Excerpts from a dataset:
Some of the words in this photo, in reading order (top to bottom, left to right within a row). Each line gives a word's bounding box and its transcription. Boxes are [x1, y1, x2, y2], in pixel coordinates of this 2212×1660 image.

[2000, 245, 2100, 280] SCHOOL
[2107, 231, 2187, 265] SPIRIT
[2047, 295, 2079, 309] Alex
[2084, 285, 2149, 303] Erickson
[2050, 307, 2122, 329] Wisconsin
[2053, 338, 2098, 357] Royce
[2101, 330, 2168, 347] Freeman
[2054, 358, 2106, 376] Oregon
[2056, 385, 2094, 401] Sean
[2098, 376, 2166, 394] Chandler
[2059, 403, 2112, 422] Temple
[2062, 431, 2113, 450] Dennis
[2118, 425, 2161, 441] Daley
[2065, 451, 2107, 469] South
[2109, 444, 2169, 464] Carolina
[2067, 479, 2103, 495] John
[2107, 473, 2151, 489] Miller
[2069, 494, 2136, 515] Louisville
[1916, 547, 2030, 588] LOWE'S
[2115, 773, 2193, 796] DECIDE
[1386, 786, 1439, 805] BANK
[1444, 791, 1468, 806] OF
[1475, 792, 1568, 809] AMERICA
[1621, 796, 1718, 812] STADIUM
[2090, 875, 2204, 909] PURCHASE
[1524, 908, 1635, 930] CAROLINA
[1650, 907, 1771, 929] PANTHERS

▶ **What you will do**: Nothing in the data should be altered; please repeat it exactly.

▶ **Response below**:
Some of the words in this photo, in reading order (top to bottom, left to right within a row). Each line gives a word's bounding box and its transcription. Boxes are [x1, y1, x2, y2], in pixel coordinates of this 2212×1660 image.

[2000, 245, 2100, 280] SCHOOL
[2107, 231, 2187, 265] SPIRIT
[2047, 295, 2079, 309] Alex
[2084, 285, 2149, 303] Erickson
[2050, 307, 2122, 329] Wisconsin
[2053, 338, 2098, 357] Royce
[2101, 330, 2168, 347] Freeman
[2054, 358, 2106, 376] Oregon
[2056, 385, 2094, 401] Sean
[2098, 376, 2166, 394] Chandler
[2059, 403, 2112, 422] Temple
[2062, 431, 2113, 450] Dennis
[2118, 425, 2161, 441] Daley
[2065, 451, 2107, 469] South
[2109, 444, 2169, 464] Carolina
[2067, 479, 2103, 495] John
[2107, 473, 2151, 489] Miller
[2069, 494, 2136, 515] Louisville
[1916, 547, 2030, 588] LOWE'S
[2115, 773, 2193, 796] DECIDE
[1386, 786, 1439, 805] BANK
[1444, 791, 1468, 806] OF
[1475, 792, 1568, 809] AMERICA
[1621, 796, 1718, 812] STADIUM
[2090, 875, 2204, 909] PURCHASE
[1524, 908, 1635, 930] CAROLINA
[1650, 907, 1771, 929] PANTHERS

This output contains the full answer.